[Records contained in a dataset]
——

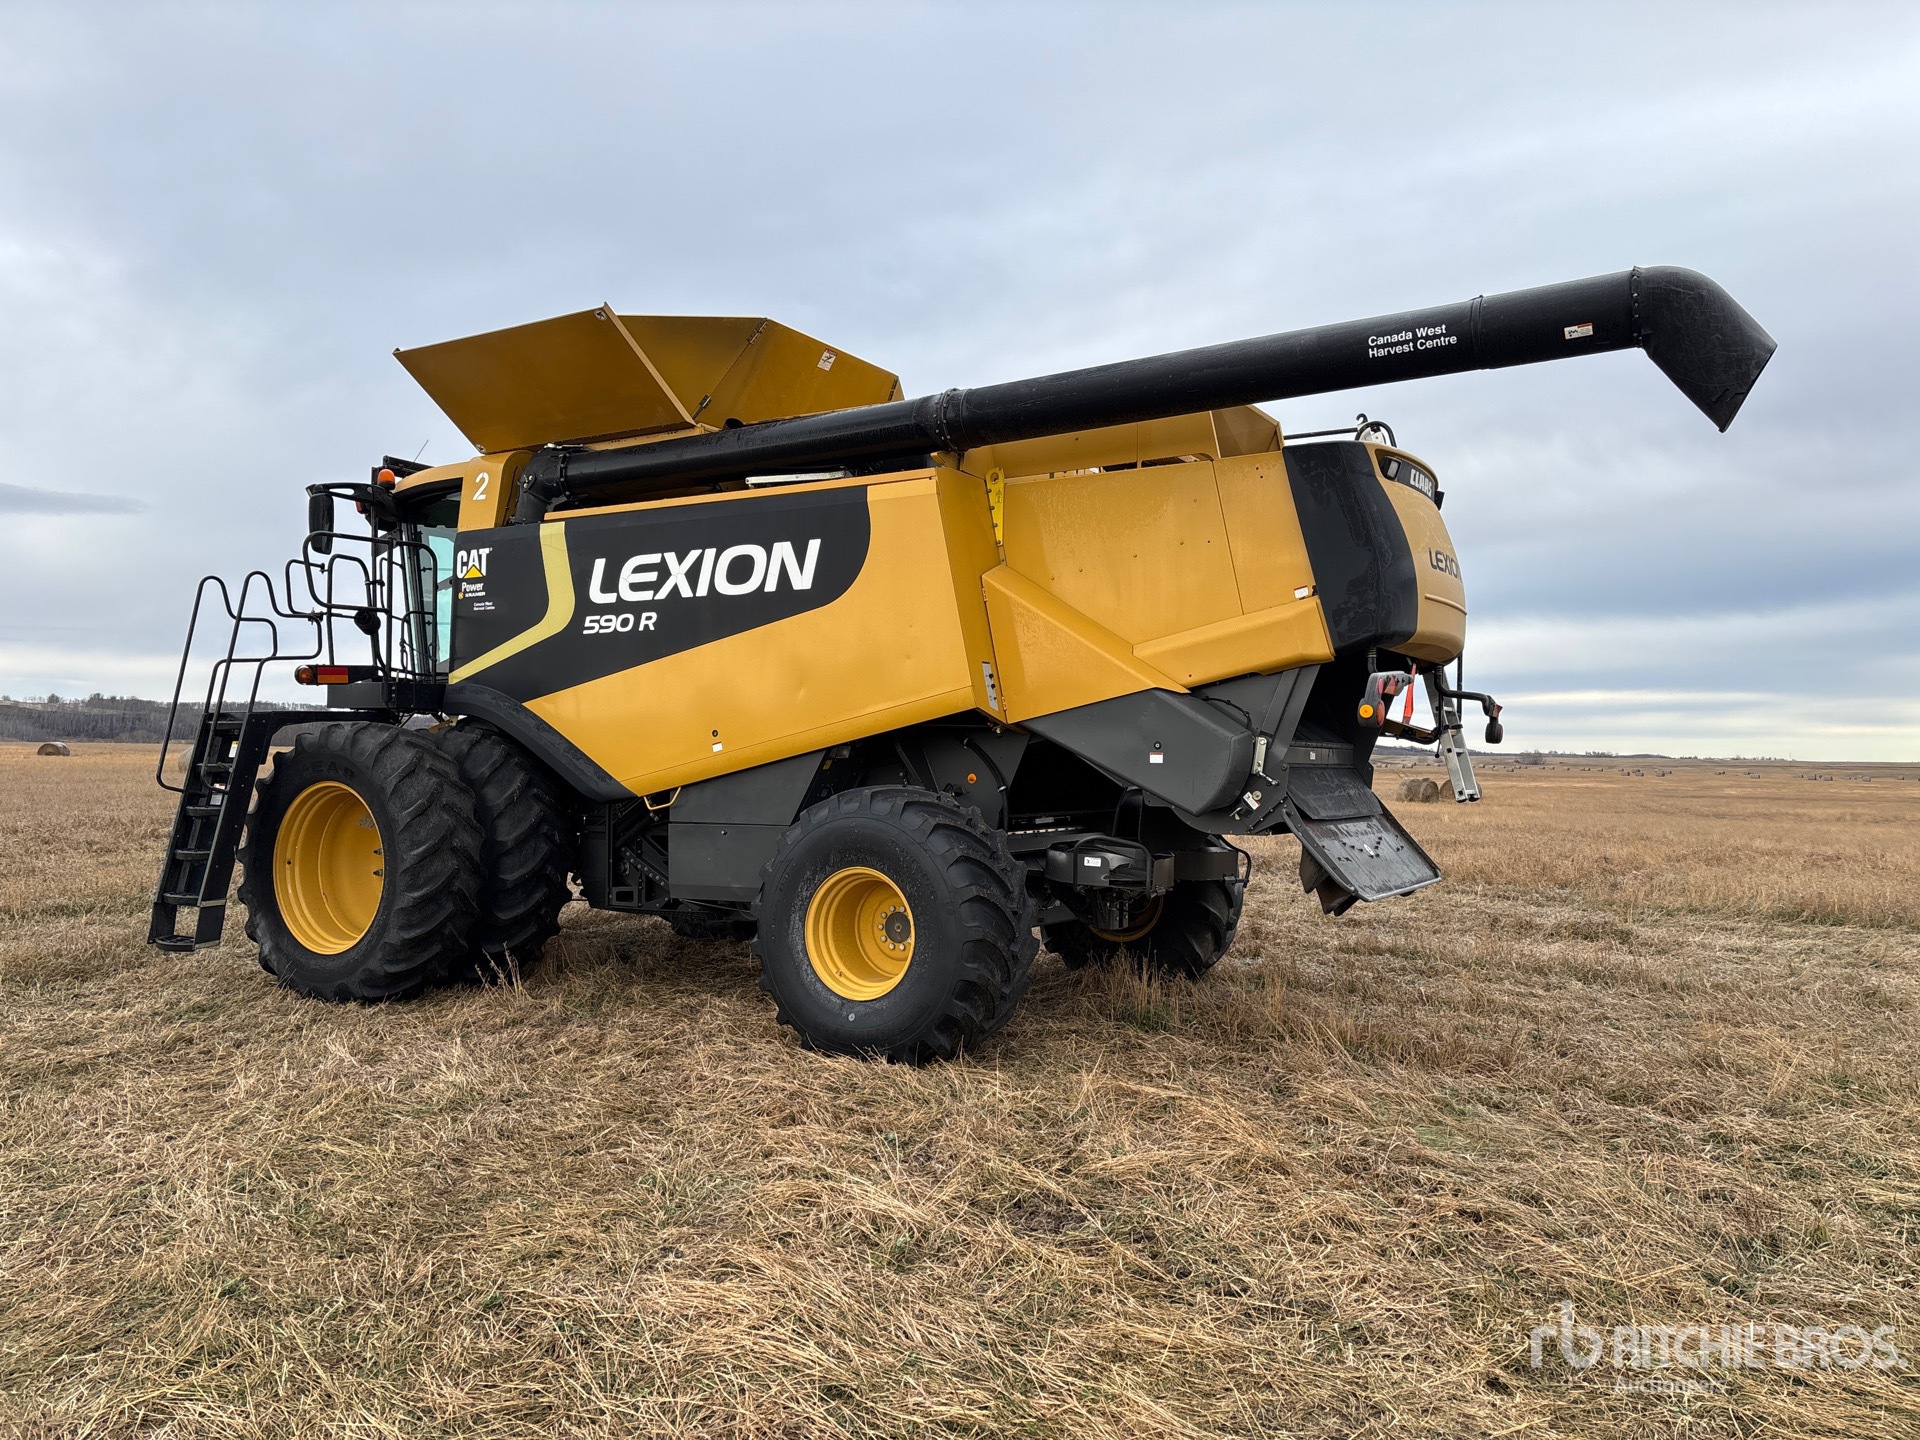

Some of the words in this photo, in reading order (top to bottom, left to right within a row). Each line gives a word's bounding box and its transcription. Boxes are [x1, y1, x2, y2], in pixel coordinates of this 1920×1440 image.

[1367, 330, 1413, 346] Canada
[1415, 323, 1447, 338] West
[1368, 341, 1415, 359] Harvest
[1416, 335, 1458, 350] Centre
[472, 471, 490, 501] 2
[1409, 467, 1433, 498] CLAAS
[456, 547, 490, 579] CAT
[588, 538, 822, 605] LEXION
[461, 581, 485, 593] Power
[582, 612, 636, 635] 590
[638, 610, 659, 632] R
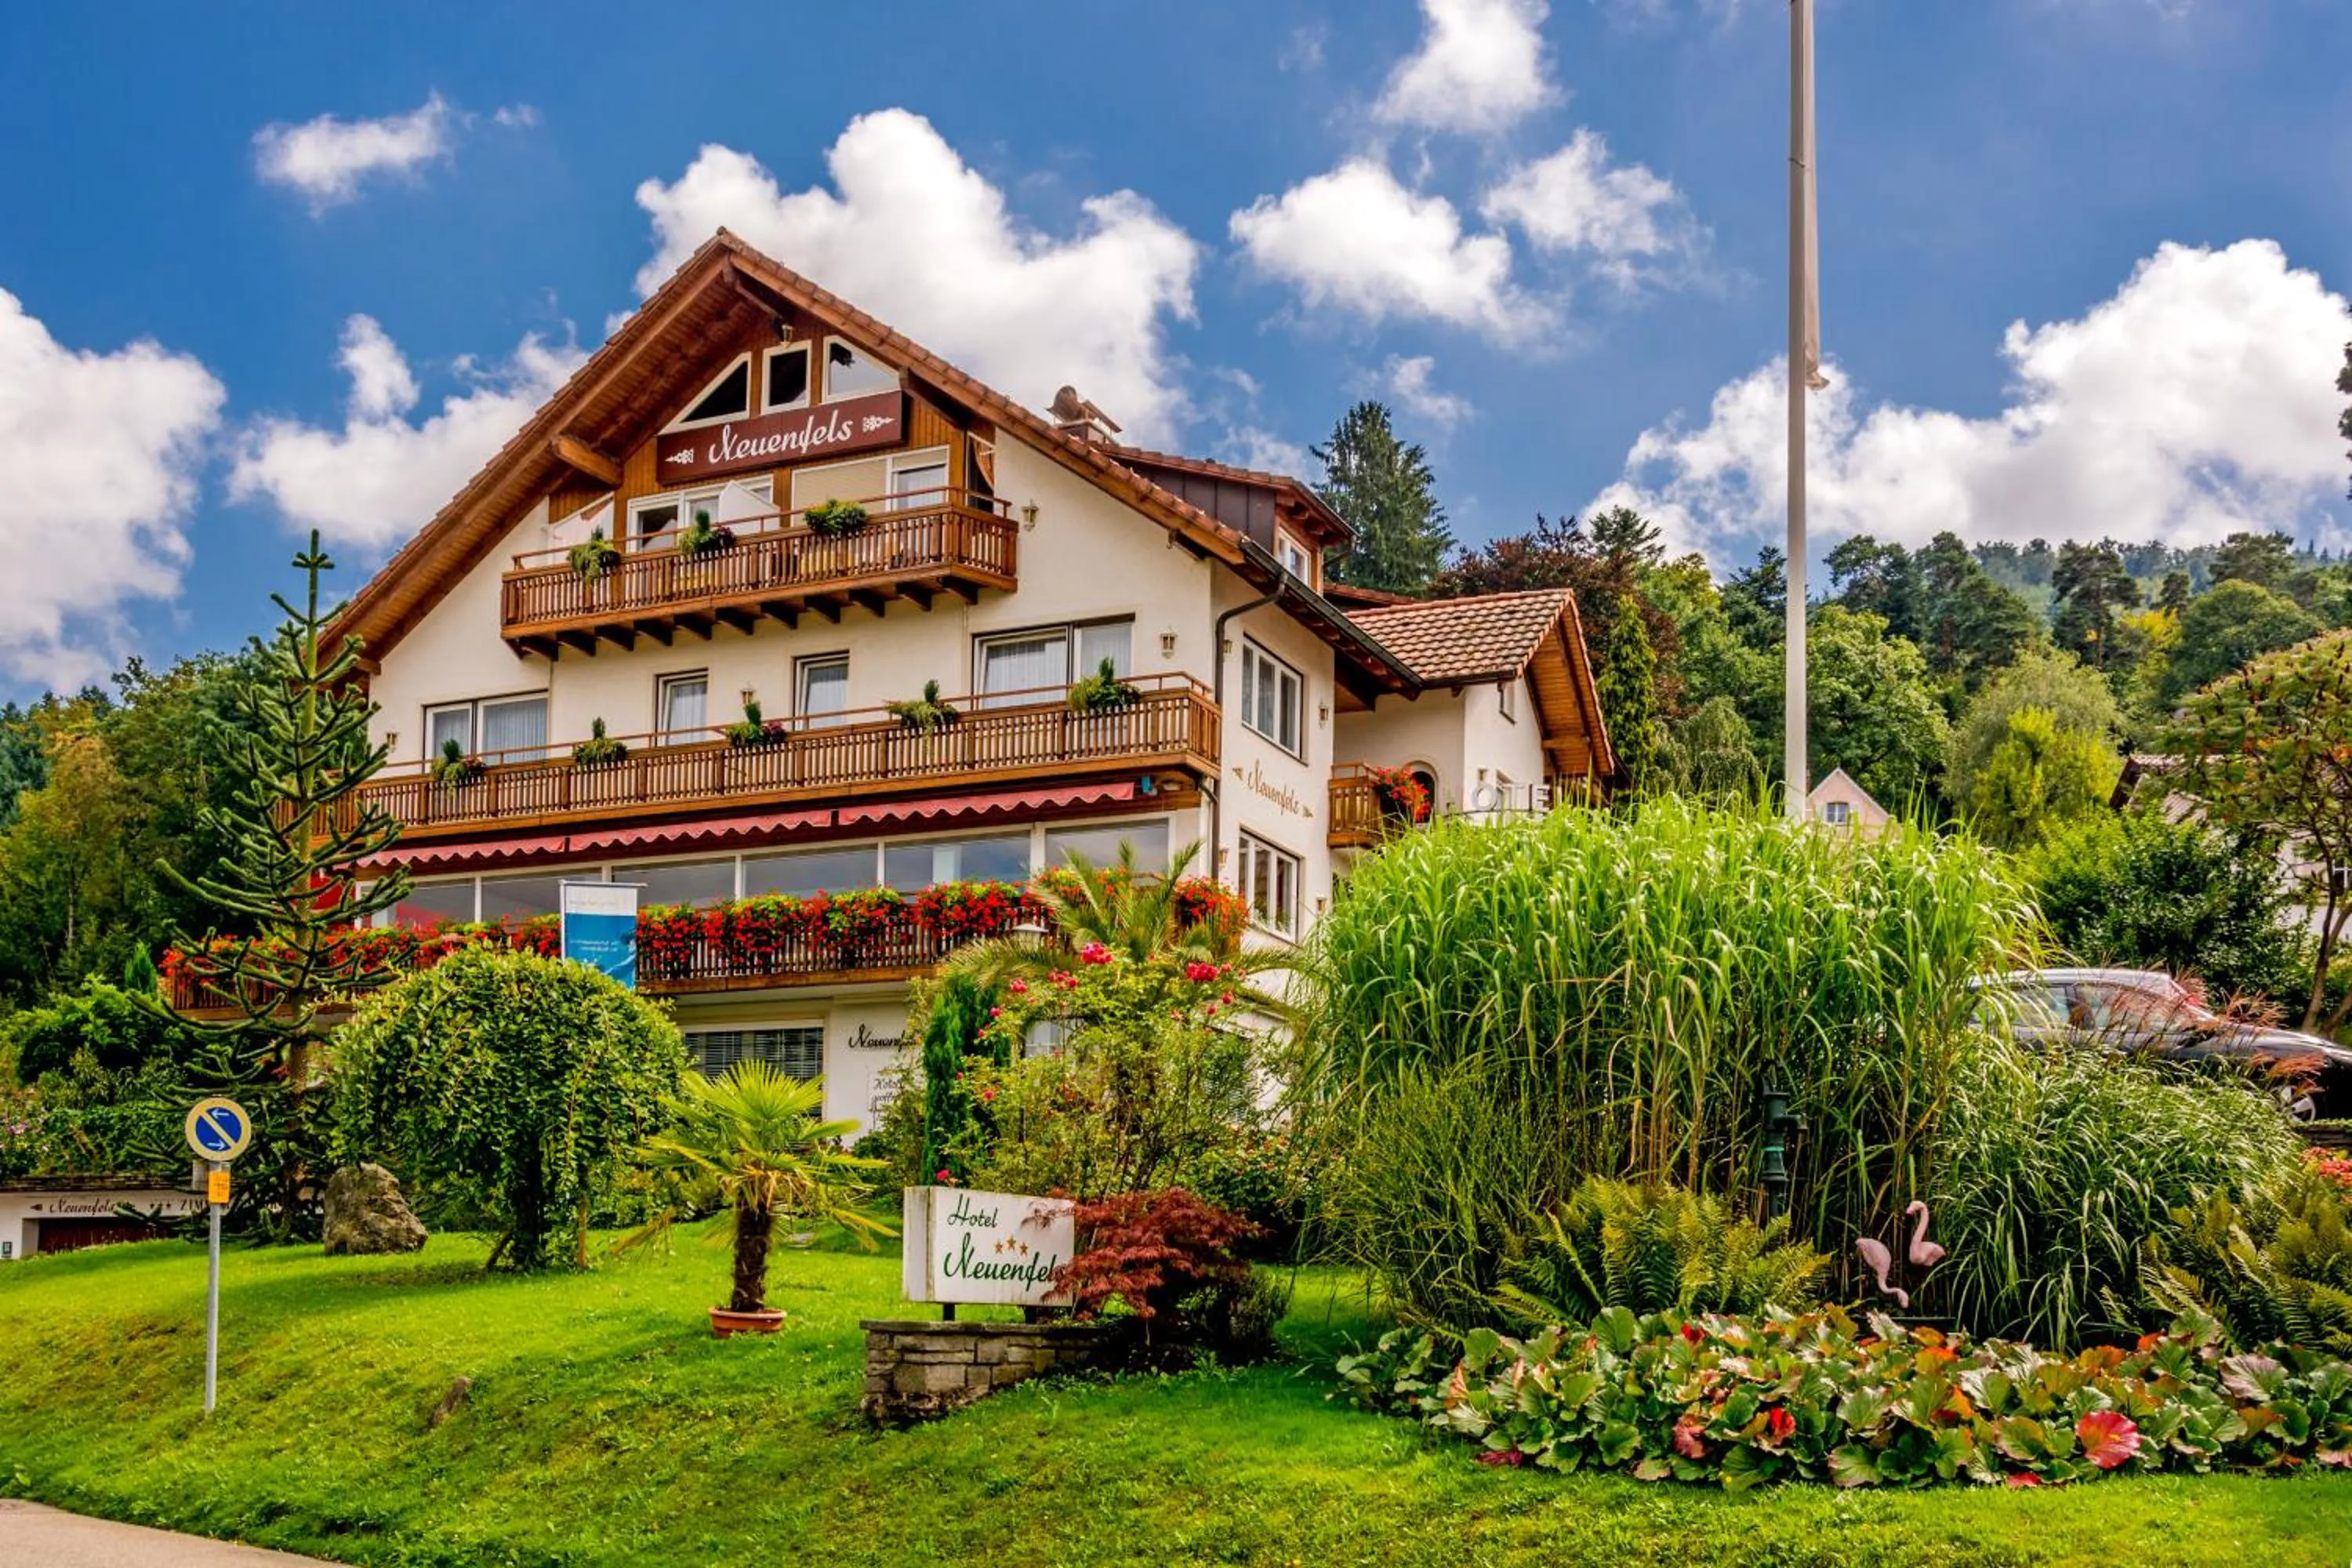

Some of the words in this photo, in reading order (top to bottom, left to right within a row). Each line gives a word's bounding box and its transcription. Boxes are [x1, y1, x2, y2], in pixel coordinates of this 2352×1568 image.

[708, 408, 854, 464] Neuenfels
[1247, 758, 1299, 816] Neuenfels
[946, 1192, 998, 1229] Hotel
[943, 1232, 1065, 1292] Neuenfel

——

• [TASK TO CARRY OUT]:
From the line containing "this 2352×1568 image." through the last line of the entries above, print every line exactly, including both ends, and nothing else.

• [SOLUTION TO THIS PROBLEM]:
Some of the words in this photo, in reading order (top to bottom, left to right within a row). Each line gives a word's bounding box and its transcription. Boxes are [x1, y1, x2, y2], in pixel coordinates of this 2352×1568 image.

[708, 408, 854, 464] Neuenfels
[1247, 758, 1299, 816] Neuenfels
[946, 1192, 998, 1229] Hotel
[943, 1232, 1065, 1292] Neuenfel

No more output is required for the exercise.